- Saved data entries

.....

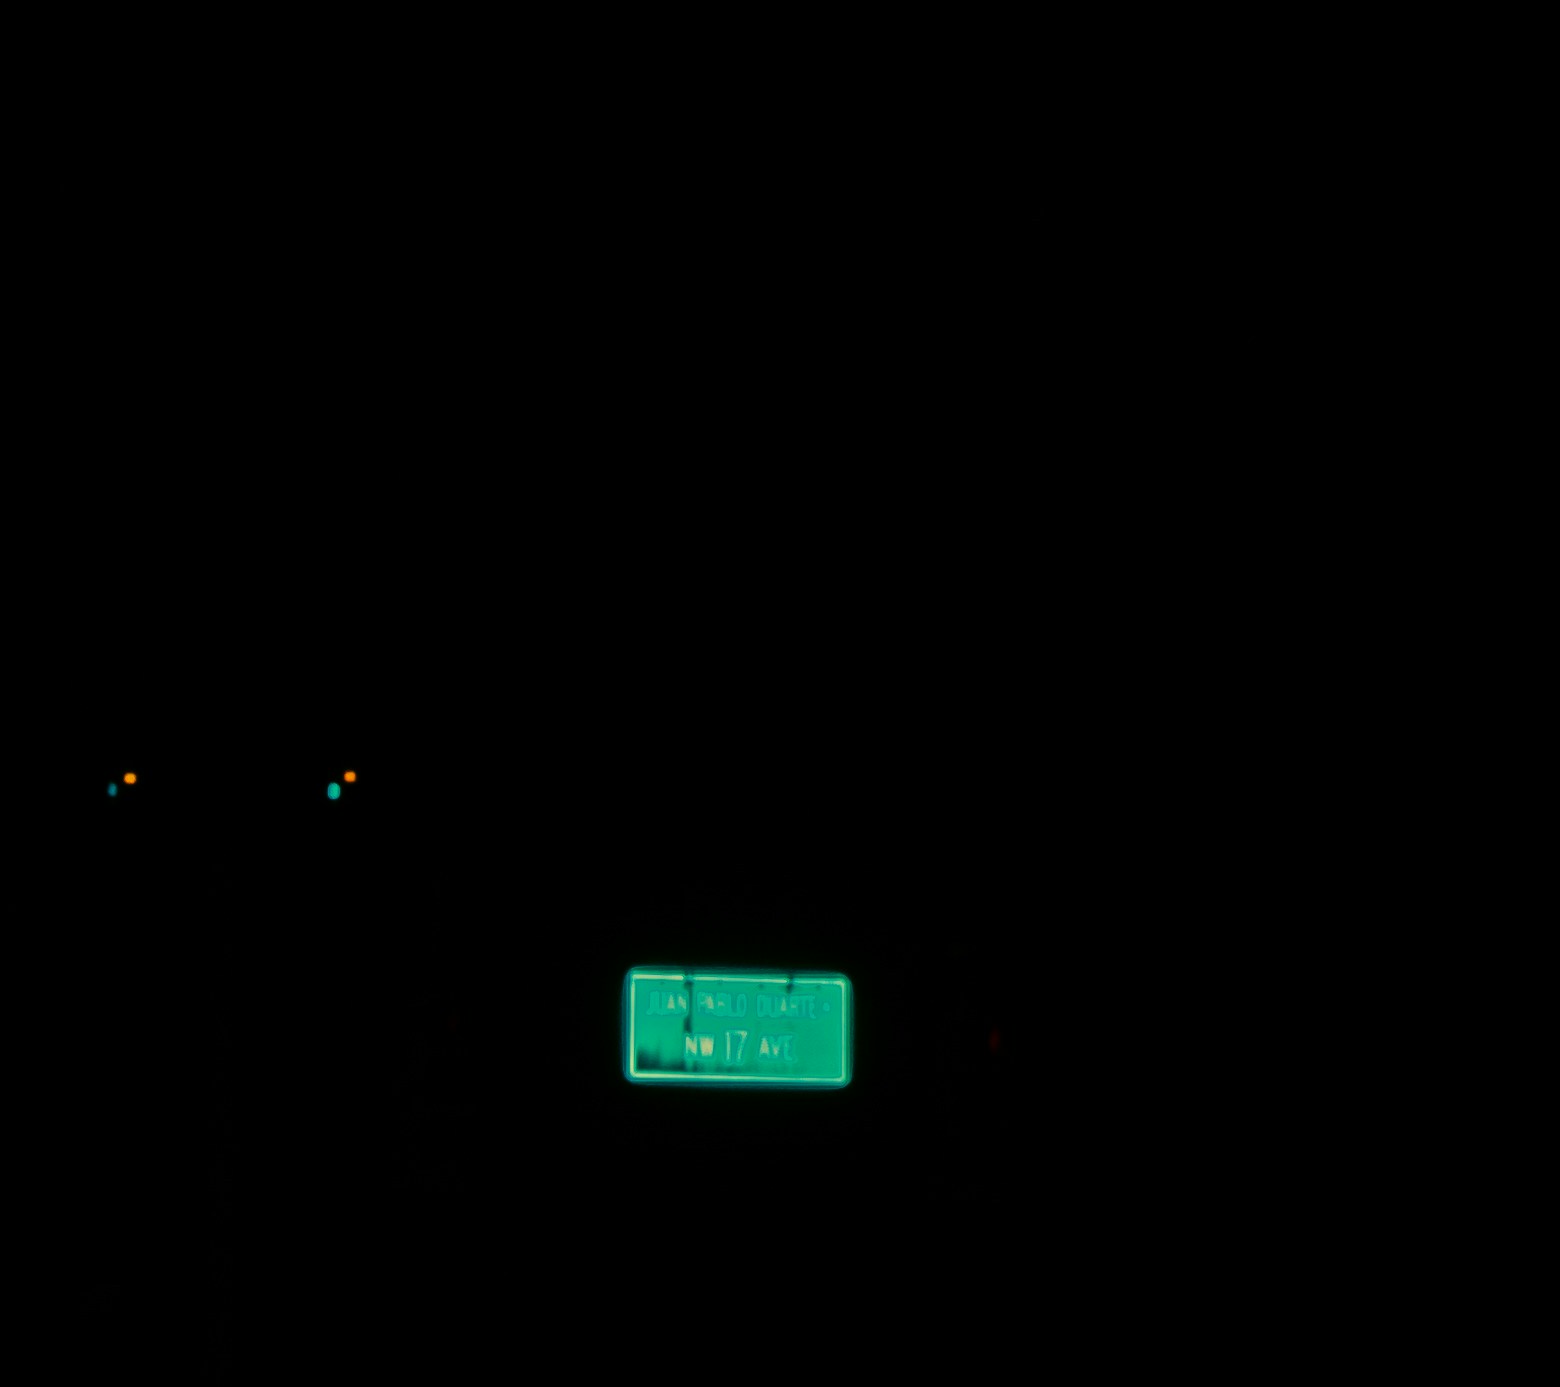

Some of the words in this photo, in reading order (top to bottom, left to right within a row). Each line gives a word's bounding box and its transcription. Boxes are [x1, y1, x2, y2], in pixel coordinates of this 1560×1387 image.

[646, 991, 688, 1016] JUAN
[697, 991, 747, 1018] PABLO
[684, 1033, 715, 1058] NW
[725, 1030, 749, 1063] 17
[758, 1034, 795, 1062] AVE
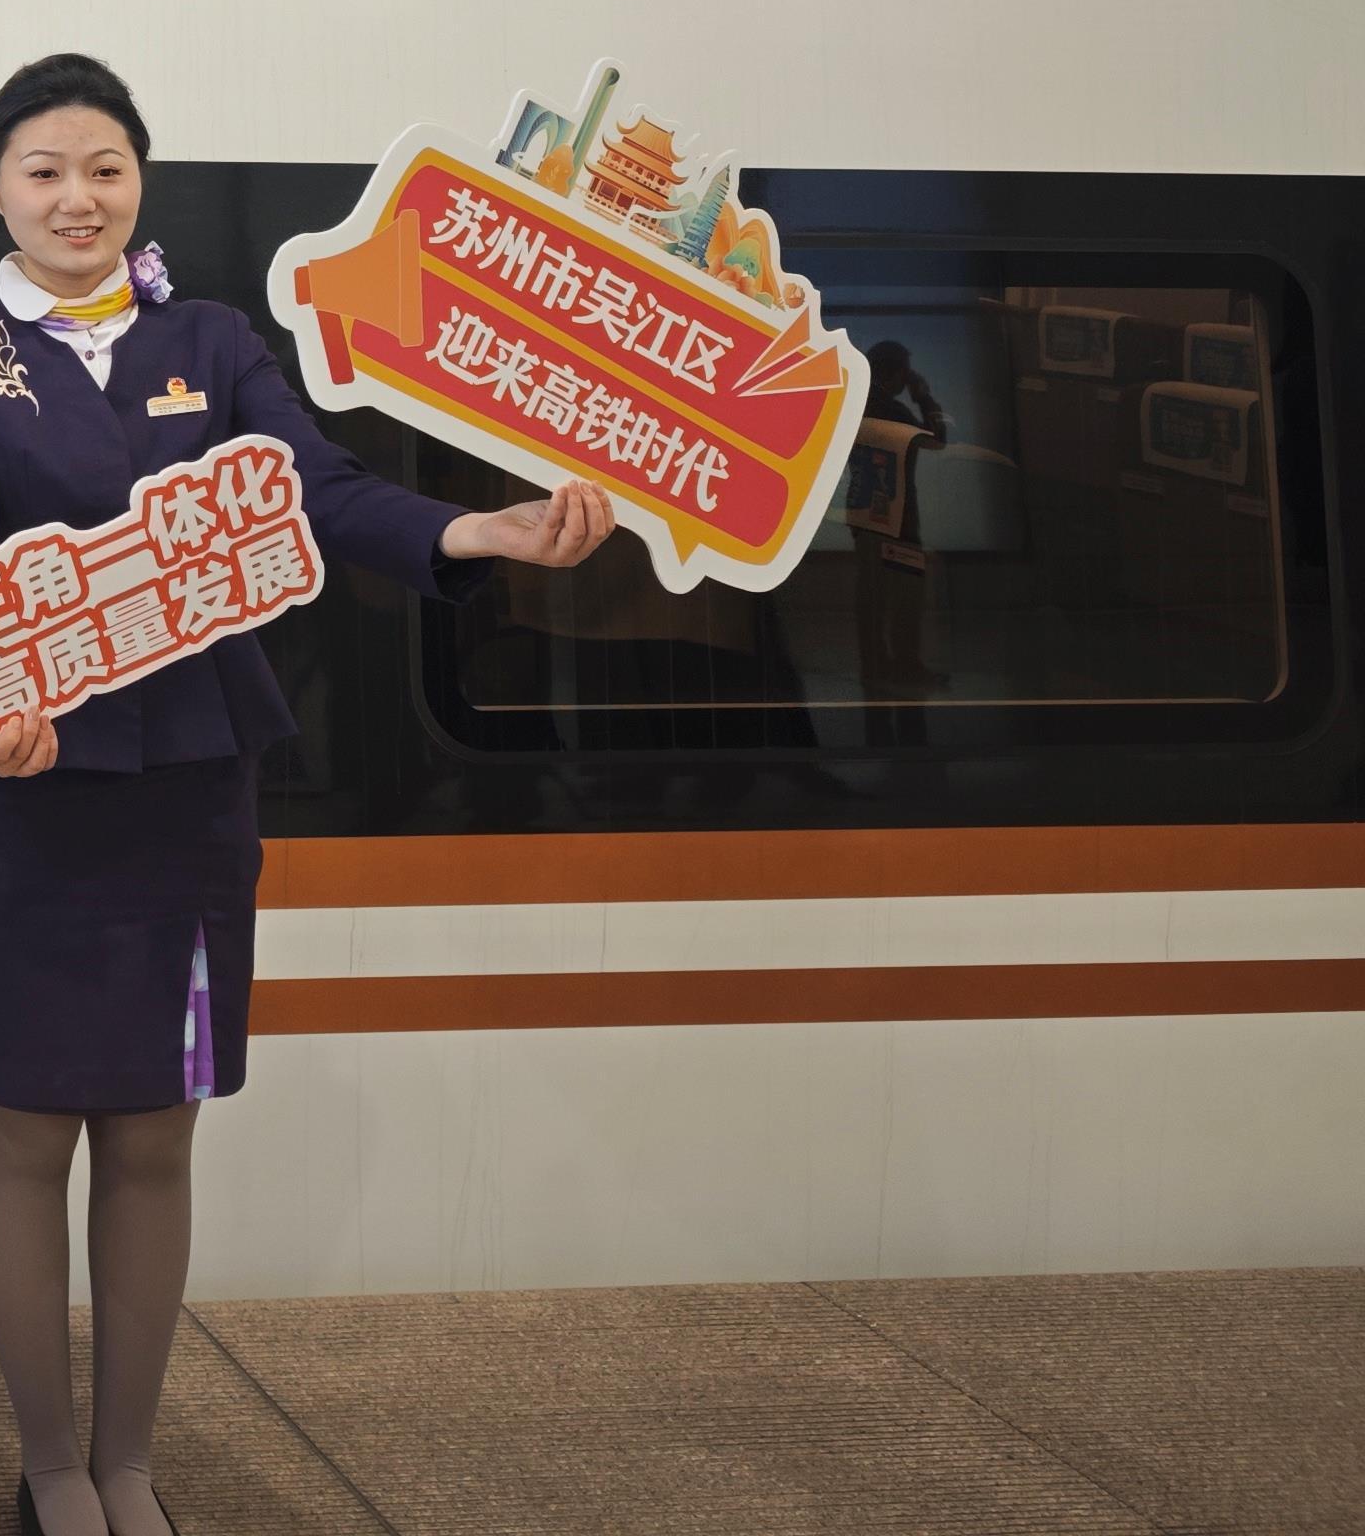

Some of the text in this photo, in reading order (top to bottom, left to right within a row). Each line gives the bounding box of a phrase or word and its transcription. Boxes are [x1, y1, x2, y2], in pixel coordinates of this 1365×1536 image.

.....

Return the records word for word, leaving every picture out of the copy.

- Answer
Some of the words in this photo, in reading order (top to bottom, left to right within a row). Each line gives a word's bounding box and its transcription. Boxes are [x1, y1, x2, y2], in pixel coordinates of this 1560×1387 image.

[646, 991, 688, 1016] JUAN
[697, 991, 747, 1018] PABLO
[684, 1033, 715, 1058] NW
[725, 1030, 749, 1063] 17
[758, 1034, 795, 1062] AVE

Some of the text in this photo, in reading order (top to bottom, left to right within a row). Each line gives the bounding box of a phrase or word and its transcription. Boxes are [x1, y1, x2, y2], in pixel coordinates of this 1365×1536 image.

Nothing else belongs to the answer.